Artikel von Harry Lee Poe
22. November 2024 — 10 Min Lesedauer

Herzinfarkt

Am Sonntag, den 14. Juli 1963, ging es Lewis nicht gut genug, um zur Kirche zu gehen, sodass ihn Walter Hooper bei seiner Ankunft in The Kilns (dem Haus von C.S. Lewis, Anm.d.Red.) zu Hause vorfand. Lewis, der sich für seine Korrespondenz nicht mehr auf seinen Bruder Warnie verlassen konnte und sich seiner schwindenden Kräfte bewusst war, fragte Hooper, ob dieser bereit wäre, eine Anstellung als sein Privatsekretär in Erwägung zu ziehen. Nachdem die beiden die Sache diskutiert hatten, erklärte sich Hooper bereit, seine Stelle an der University of Kentucky zum Ende des Herbstsemesters zu kündigen und nach England zurückzukehren, um Lewis zu unterstützen.

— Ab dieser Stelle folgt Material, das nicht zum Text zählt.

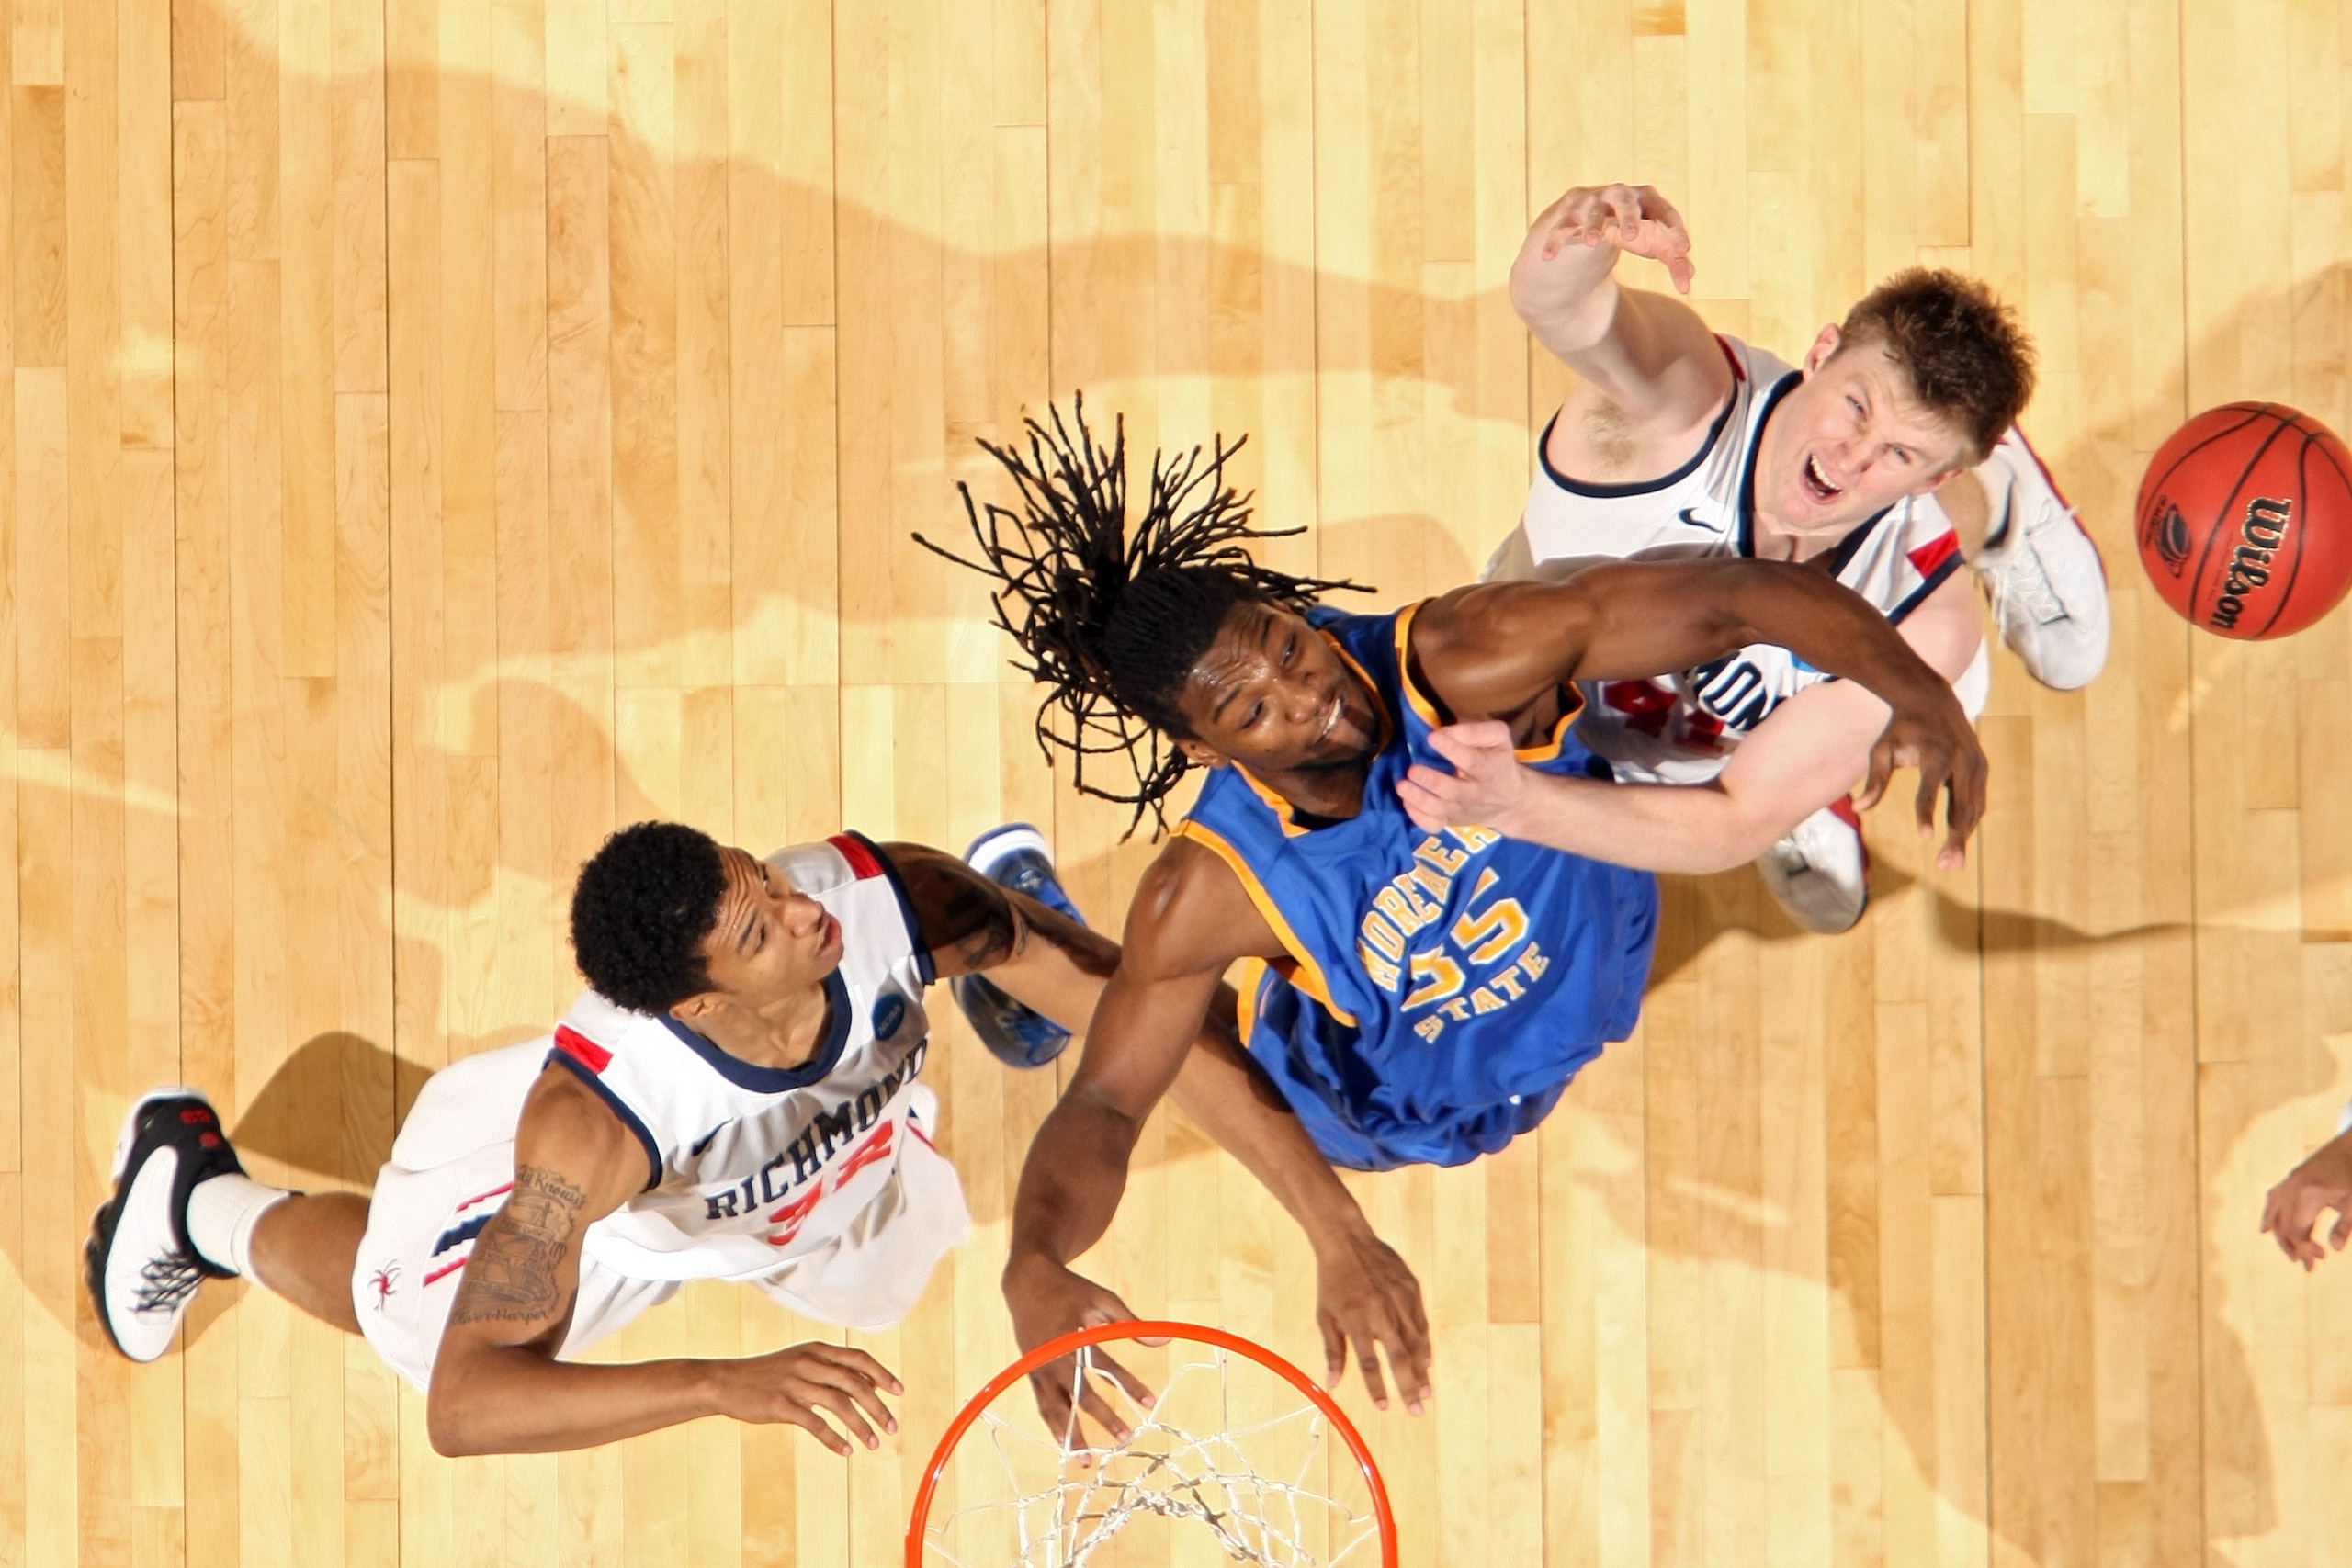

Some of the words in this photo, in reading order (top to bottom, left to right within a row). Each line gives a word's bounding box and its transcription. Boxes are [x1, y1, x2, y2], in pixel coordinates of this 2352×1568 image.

[2209, 496, 2293, 630] Wilson
[1413, 941, 1551, 1045] STATE
[704, 1035, 930, 1221] RICHMOND

Außerdem würde er Lewis während des Sommers behilflich sein.[1] Am nächsten Tag, einem Montag, dem 15. Juli, wurde Lewis um 17 Uhr in das Acland Nursing Home (ein privates Pflegeheim und Krankenhaus, Anm.d.Red.) eingeliefert, wo er schlagartig einen Herzinfarkt erlitt und ins Koma fiel.[2]

Da das Krankenhaus Kay und Austin Farrer über den Zustand von Lewis in Kenntnis setzte, musste Lewis, als Warnie weg war, die beiden als seine Notfallkontakte angegeben haben. Die Farrers informierten Douglas Gresham und Walter Hooper. Am Dienstagabend, dem 16. Juli, empfing Lewis von Pfarrer Michael Watts der Church of St. Mary Magdalen die letzte Ölung. Danach wachte er auf und bat um eine Tasse Tee.[3]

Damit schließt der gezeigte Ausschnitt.